Marie et les Garcons-76/77 LP (Instant Records, France); 1977-1979 LP (Feedback Records, France); RE BOP ELECTRIQUE 12-inch EP (We Release Whatever The Fuck We Want To Records, Germany)

I recently chanced upon (whaddaya mean "chanced"---I've been lookin' for 'em nigh on six months!) some records that seemed tl slip into the cracks in my collection, perhaps ignored because they just happened to arrive at a time in my life in which maybe there were other more pressing things to do than settle back and enjoy music as that eternal form of inner turmoil expression that's kept me goin' for a pretty long time in my life. There were a few doozies in that batch I'll tell ya, and as the days/weeks/years go by you'll be readin' 'bout some of these catches that just might make your life the carefree suburban slob way to go as we fend off the hideous onslaught of Miley Cyrus.

But the dooziest of 'em all just hadda've been the Marie et les Garcons platters that were located after being shuffled from stack to stack before I was even able to give 'em a spin! And hey, let's just say that the discovery of these platters just HASTA be the biggest even that July has in store, for when it came to the kind of music that makes up the soundtrack for my wildest dreams its groups like Marie et al. that create it, for they had everything goin' for 'em in a world where most bands might have some, some might have none but hardly any have 'em all.

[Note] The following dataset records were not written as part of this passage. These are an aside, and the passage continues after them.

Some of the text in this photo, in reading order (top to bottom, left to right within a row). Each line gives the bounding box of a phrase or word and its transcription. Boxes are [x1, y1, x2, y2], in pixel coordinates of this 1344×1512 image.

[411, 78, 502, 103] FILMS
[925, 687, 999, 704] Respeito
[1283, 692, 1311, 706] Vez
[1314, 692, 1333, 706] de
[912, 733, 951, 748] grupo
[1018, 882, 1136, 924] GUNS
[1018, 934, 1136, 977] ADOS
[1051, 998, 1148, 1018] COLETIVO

First they were French which is cool since the best rock 'n roll has always been of a Gallic groove even if the likes of Lou Reed would not admit it. Second, they were a huge part and parcel of a "scene" so to speak which holds the same musical desires (Velvets, Patti and all those group names I've been abusing ever since 1981) that helped make a full blooded man outta me when everything else was injecting musical estrogen into my veins. And third, they made some pretty hopping music that epitomizes everything that I love about the 1964-1981 era of sound as a teenage form of true avant garde expression, but if you were reading this blog inna first place I think you woulda known alla that by now. Just brushing up with the newbies, that's all.

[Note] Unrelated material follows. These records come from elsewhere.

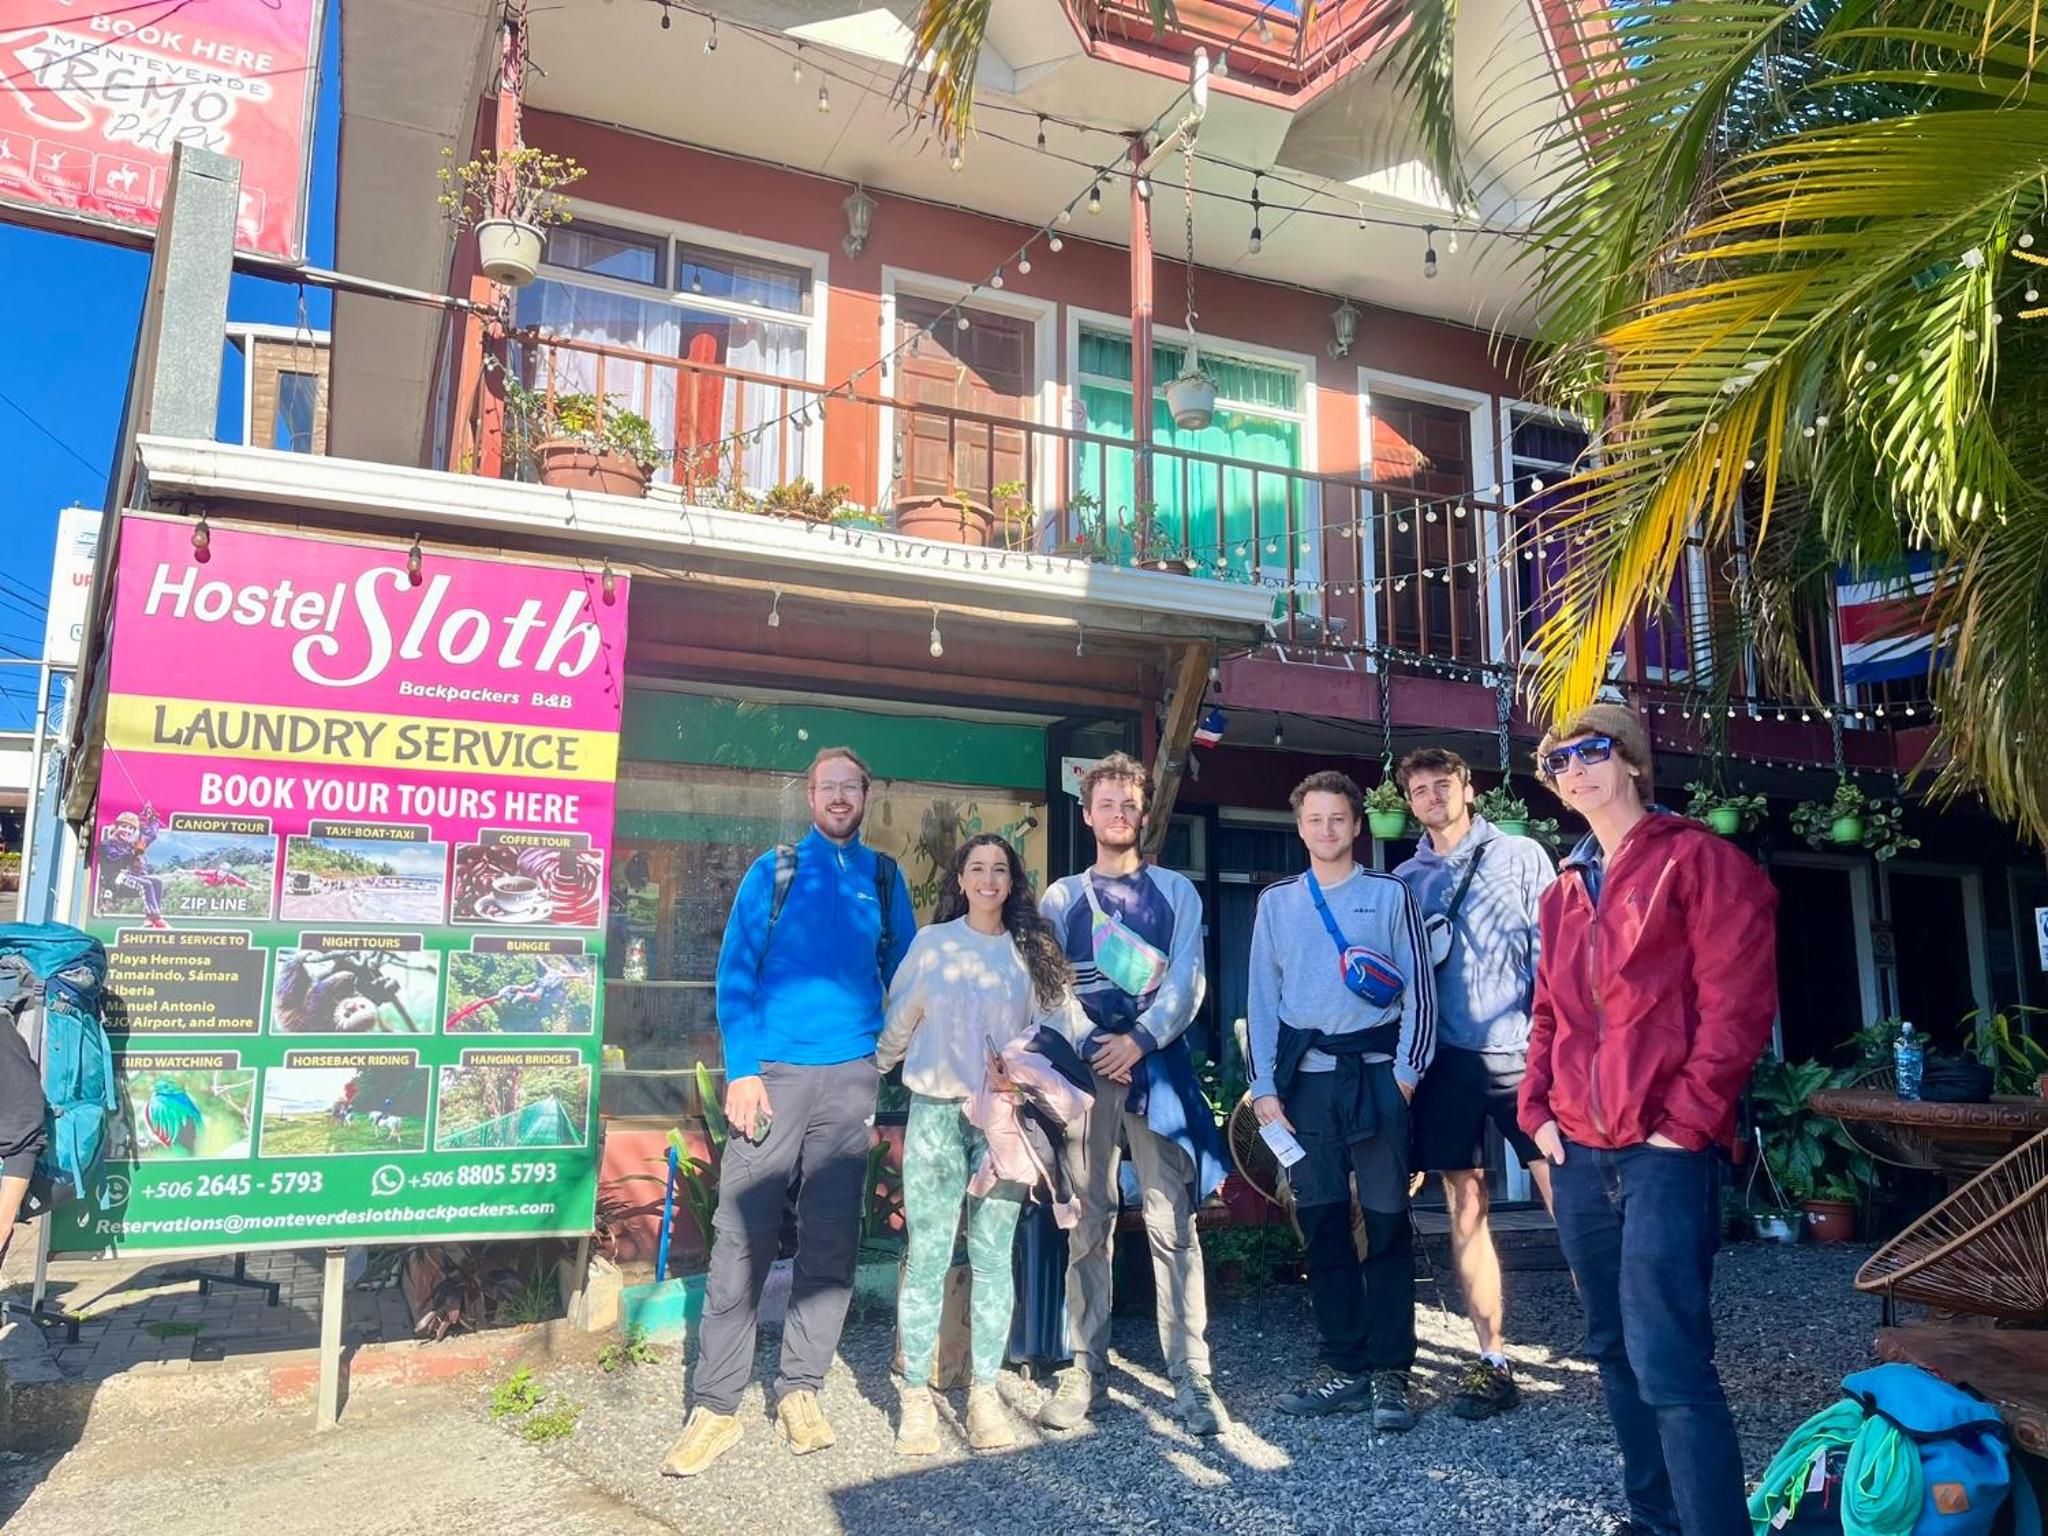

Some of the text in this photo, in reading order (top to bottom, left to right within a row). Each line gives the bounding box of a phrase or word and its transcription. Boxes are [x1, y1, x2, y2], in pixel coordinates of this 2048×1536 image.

[89, 13, 274, 71] BOOK HERE
[54, 35, 265, 96] MONTEVERDE
[144, 561, 601, 687] Hostel Sloth
[399, 680, 573, 709] Backpackers B&B
[153, 704, 580, 771] LAUNDRY SERVICE
[199, 772, 580, 824] BOOK YOUR TOURS HERE
[174, 818, 265, 833] CANOPY TOUR
[324, 825, 416, 839] TAXI-BOAT-TAXI
[499, 834, 571, 848] COFFEE TOUR
[179, 896, 248, 911] ZIP LINE
[122, 933, 245, 946] SHUTTLE SERVICE TO
[321, 936, 401, 949] NIGHT TOURS
[506, 940, 552, 951] BUNGEE
[110, 953, 212, 967] Playa Hermosa
[108, 969, 239, 983] Tamarindo, Sámara
[105, 1000, 216, 1012] Manuel Antonio
[132, 1015, 186, 1029] Airport,
[189, 1016, 216, 1027] and
[218, 1017, 254, 1027] more
[122, 1056, 224, 1068] BIRD WATCHING
[293, 1054, 409, 1067] HORSEBACK RIDING
[470, 1053, 573, 1066] HANGING BRIDGES
[408, 1162, 558, 1188] +506 8805 5793
[142, 1181, 193, 1199] +506
[195, 1174, 252, 1197] 2645
[269, 1171, 323, 1194] 5793
[95, 1201, 556, 1235] Reservations@monteverdeslothbackpackers.com

These three were reissued (or maybe two were reissued---I think 76/66 just might be seein' the light o' day just now) a few years back and they might still be available via the usual internet sources Maybe some outernet ones as well but hey, if you consider yourself a fan and follower of the BIG BEAT you might want to get hold of these before you do anything else in your miserable life. For these Marie et les Garcons recs are pretty spiffy platters if I do say so myself and like, if you think that the post-post-POST under-the underground musical scene as it stands today has nil the effect and power that this music held during the glorious past well, Mariet et les Garcons are just more prove to back up your totally spot on theories!

The 76/77 album's a downright sonic reduction on all counts, not only because each side contains a 40-minute (or so it seems---grooves are really close together) rock rant recorded in glorious portable Panasonic lo-fi, but because the Garcons crams into that time some way-outta-kilter expressions of mid-seventies under-the-counterculture music that not only traverses some mighty familiar punk rock territory (and even Bowie!) but contains some brilliant vocals courtesy Patrick Vidal that sound totally attuned to the teenbo o-mind even if you don't understand a word of French! (Whew! Take that you anti-run on sentence Nazis!) At specific instances the guitar rave turns into an atonal neo-Mars-ish clash of frequencies (which might figure since they did share labels!) and you're there lapping it up just like you did back when the forces that spurted forth the creative juices which spawned such groups as Marie et les Garcons were way mightier'n the likes of Pantsios would ever admit. These basement-level performances are loose in that beautifully primitive way (Marie's drumming is stuck somewhere between Maureen Tucker's, Michael Weldon's and Miriam Linna's and she can even do a roll) and if somehow you FORGOT just what it was that made you save up lunch money for rare singles by the likes of Patti, Lou, Iggy et. al. the fury and drive behind these basement recordings will bring it all back home. Yes, it is "beautiful"...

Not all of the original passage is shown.